Bombas, una tras otra: Saleem teme por su seguridad, y se entera simultáneamente de la ineludible verdad de la muerte de su madre, y también de que su posición es más débil de lo que creía, porque en esta parte de la familia el acto de aceptación no se ha producido; ¡Sonia, sabiendo lo que confesó Mary Pereira, es capaz de cualquier cosa…! Y yo, débilmente: —¿Mi madre? ¿Difunta? —Y ahora mi Tío Mustapha, dándose cuenta quizá de que su mujer ha ido demasiado lejos, dice de mala gana—: No te preocupes, Saleem, claro que te quedarás… tiene que quedarse, esposa, ¿qué otra cosa puede hacer…? y el pobre ni siquiera sabe…

Entonces me lo contaron.

Se me ocurrió, en el corazón de aquella loca Flia, que debía a los muertos cierto número de períodos de luto; al enterarme de la defunción de mi madre y mi padre y de mis tías Alia y Pia y Emerald, de mi primo Zafar y su princesa kifí, de la Reverenda Madre y de mi pariente lejana Zohra y su marido, resolví pasarme los próximos cuatrocientos días de luto, como era apropiado y decente; diez períodos de luto, de cuarenta días cada uno. Y además, estaba la cuestión de la Cantante Jamila…

Ella había tenido noticia de mi desaparición en la confusión de la guerra de Bangladesh; ella, que siempre mostraba su amor cuando era demasiado tarde, había enloquecido quizá un poco al saber la noticia. Jamila, la Voz del Pakistán, el Bulbul-de-la-Fe, había hablado en contra de los nuevos gobernantes del Pakistán truncado, comido por la polilla, dividido por la guerra; mientras el señor Bhutto decía ante el Consejo de Seguridad de las Naciones Unidas: «¡Construiremos un nuevo Pakistán! ¡Un Pakistán mejor! ¡Mi país me escucha!», mi hermana lo injuriaba en público; ella, la más pura de los puros, la más patriótica de los patriotas, se volvió rebelde cuando supo mi muerte. (Así, por lo menos, es como yo lo veo; todo lo que supe por mi tío fueron los hechos desnudos; él los había sabido por los cauces diplomáticos, que no se dedican a la teorización psicológica.) Dos días después de su diatriba contra los autores de la guerra, mi hermana había desaparecido: —Están ocurriendo allí cosas muy malas, Saleem; desaparece gente continuamente; tenemos que temernos lo peor.

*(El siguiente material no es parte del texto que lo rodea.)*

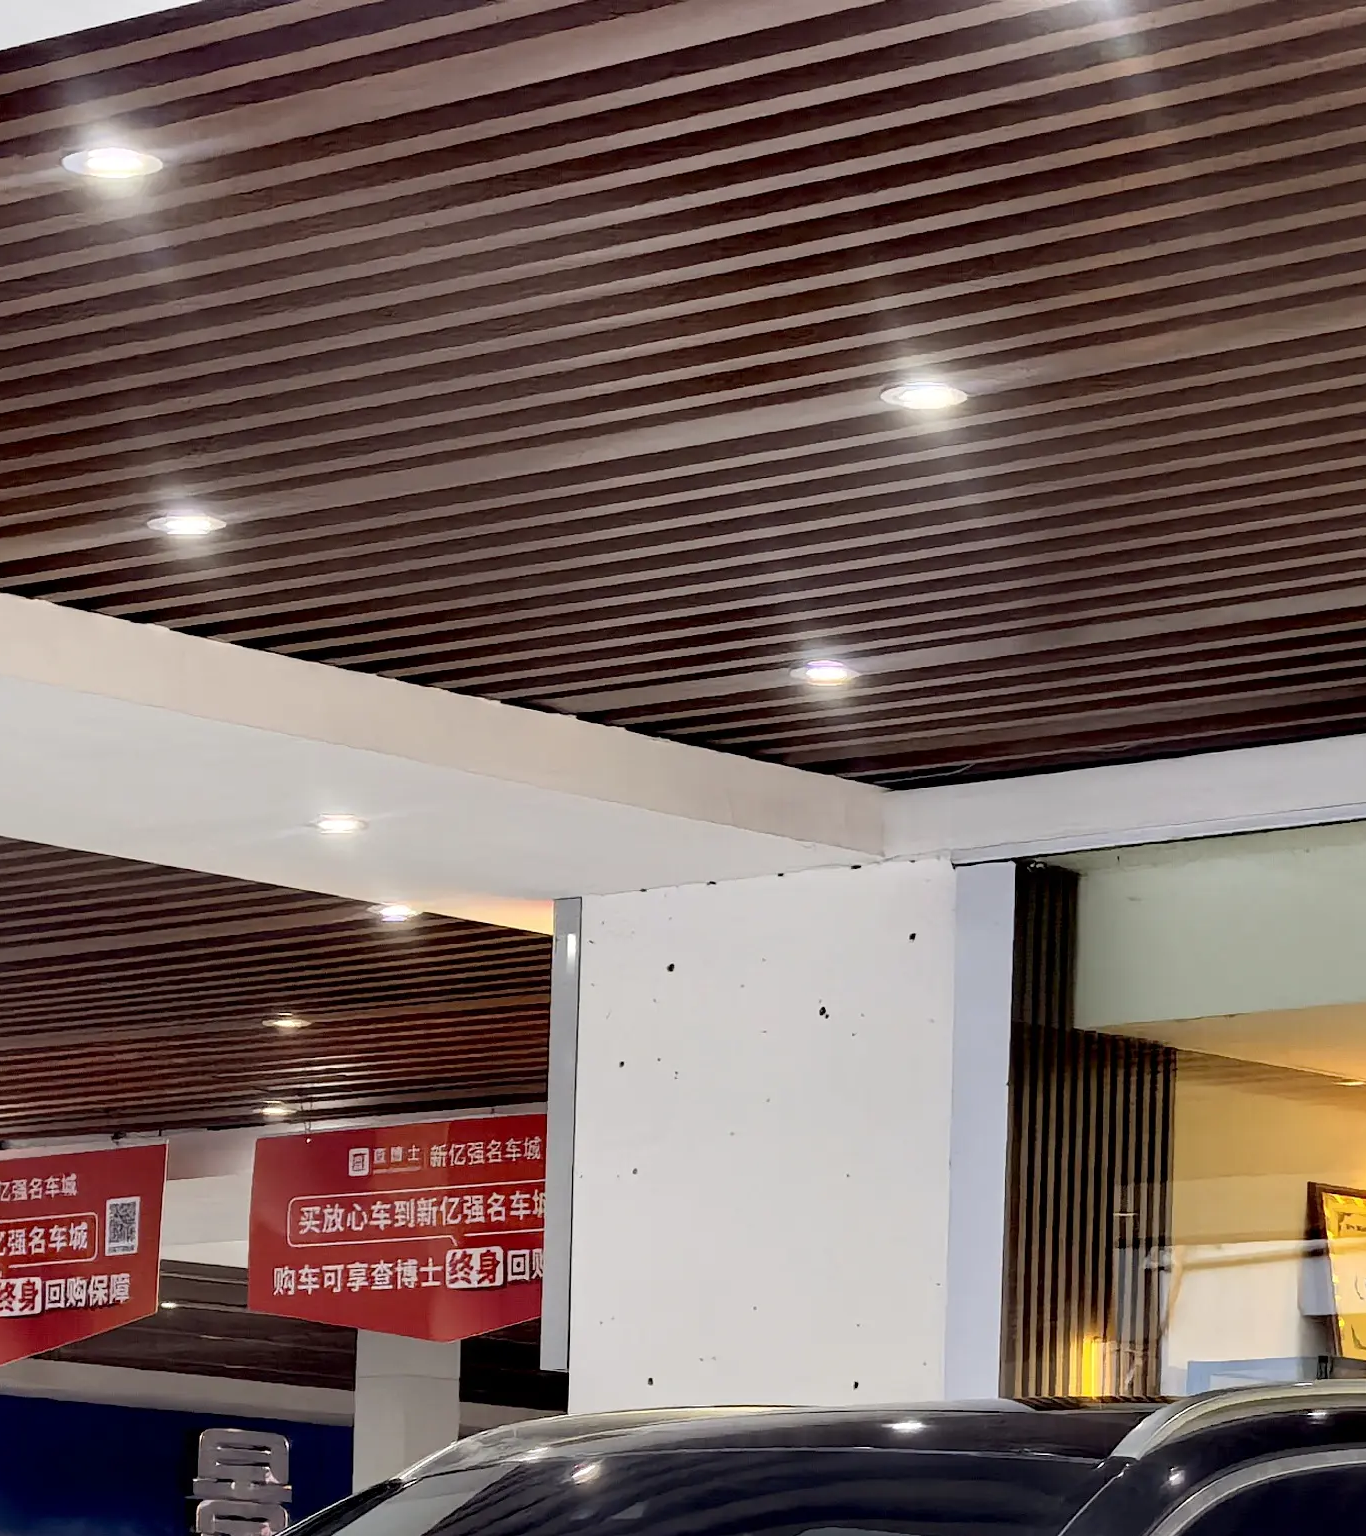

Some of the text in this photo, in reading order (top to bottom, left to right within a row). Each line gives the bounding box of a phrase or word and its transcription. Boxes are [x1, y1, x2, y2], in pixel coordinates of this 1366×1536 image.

[430, 1135, 541, 1168] 新亿强名车城
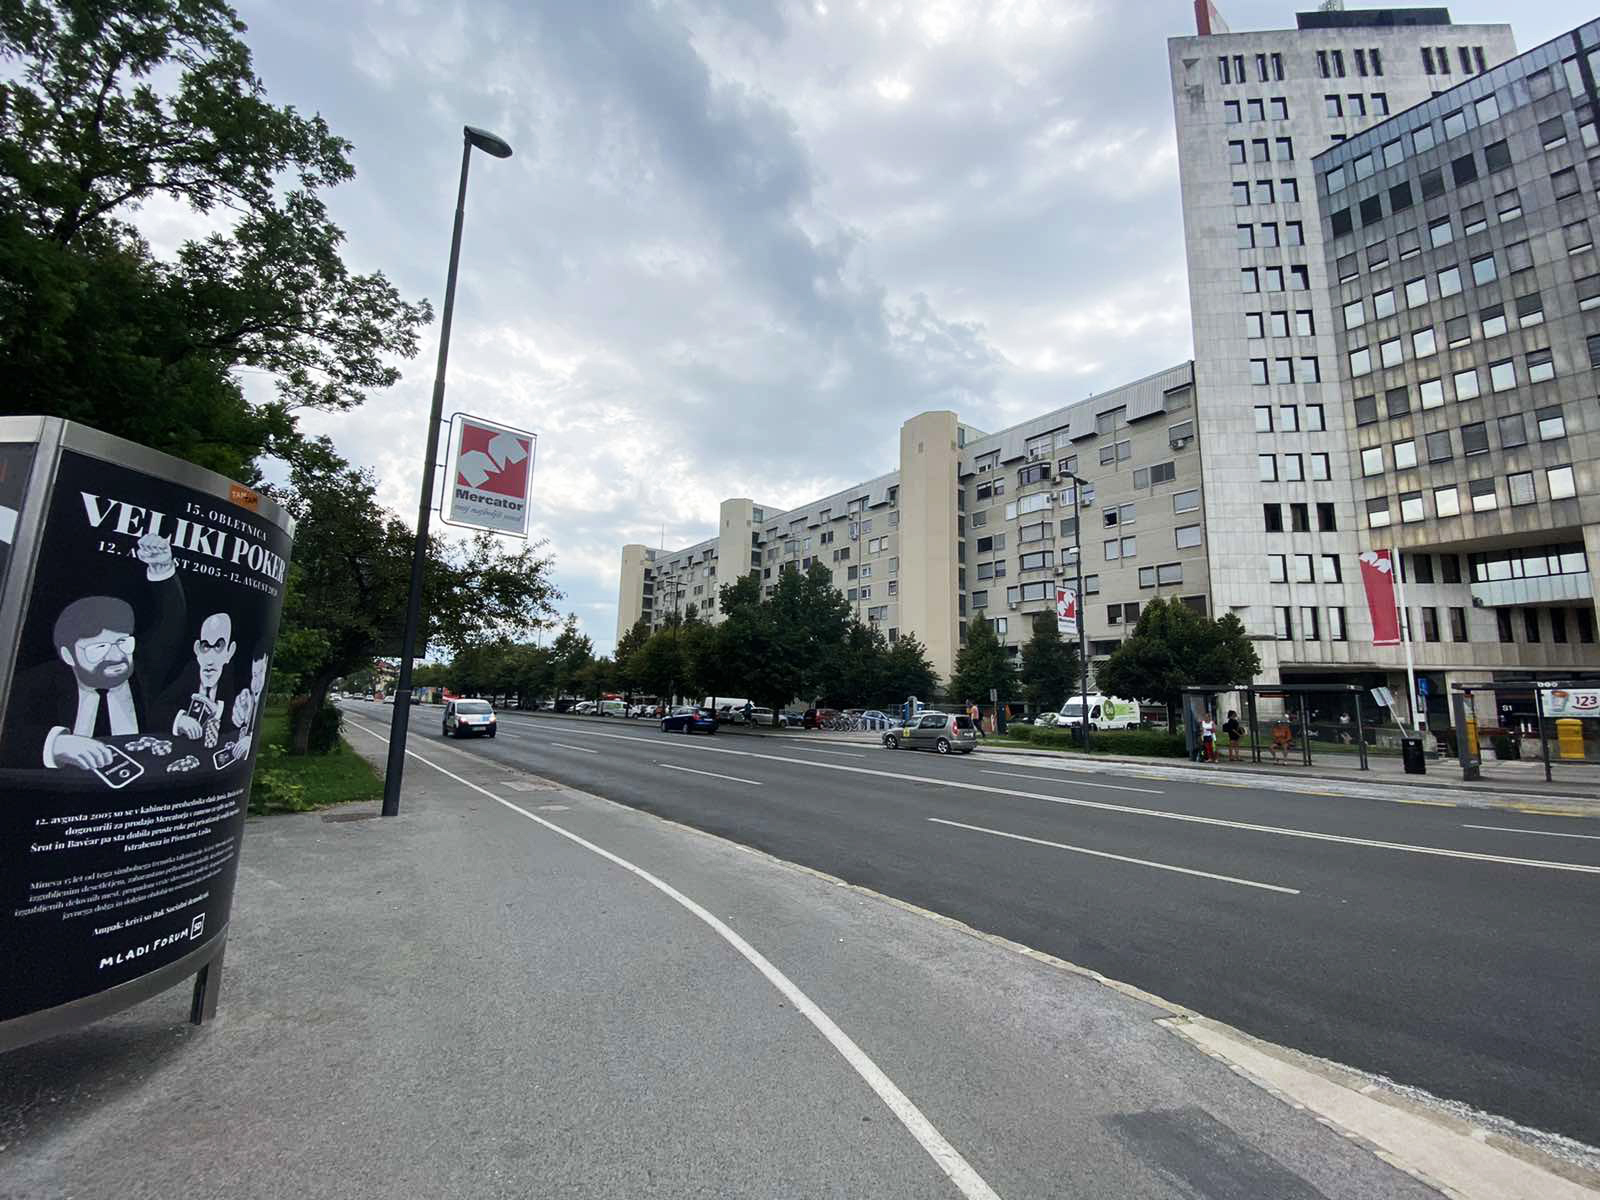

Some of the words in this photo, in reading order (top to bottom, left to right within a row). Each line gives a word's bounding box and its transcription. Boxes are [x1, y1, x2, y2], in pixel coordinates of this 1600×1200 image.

¡No! ¡No no no! Padma: ¡él estaba equivocado! Jamila no desapareció en las garras del Estado; porque aquella misma noche soñé que ella, en las sombras de la oscuridad y en el secreto de un sencillo velo, no la carpa de brocado de oro instantáneamente reconocible del Tío Zaf sino un purdah negro corriente, huía en avión de la capital; y aquí está, llegando a Karachi, sin ser interrogada sin ser detenida libre, toma un taxi hasta las profundidades de la ciudad, y ahora hay un muro alto con puertas acerrojadas y un portillo por el que en otro tiempo, hace mucho, yo recibía el pan, el pan con levadura de la debilidad de mi hermana, ella pide que le dejen entrar, las monjas abren las puertas cuando ella reclama asilo, sí, ahí está, segura dentro, se corren tras ella los cerrojos de las puertas, cambiando una especie de invisibilidad por otra, ahí hay ahora otra Reverenda Madre, cuando la Cantante Jamila que, en otro tiempo, cuando era el Mono de Latón, coqueteó con el cristianismo, encuentra seguridad refugio paz en medio de la orden de clausura de Santa Ignacia… sí, ahí está, segura, no desaparecida, no en garras de una policía que da patadas golpea deja morir de hambre, sino tranquila, no es una tumba sin señalar a orillas del Indo, sino viva, cociendo pan, cantándoles suavemente a las monjas de clausura; lo sé, lo sé, lo sé. ¿Que cómo lo sé? Un hermano sabe; eso es todo.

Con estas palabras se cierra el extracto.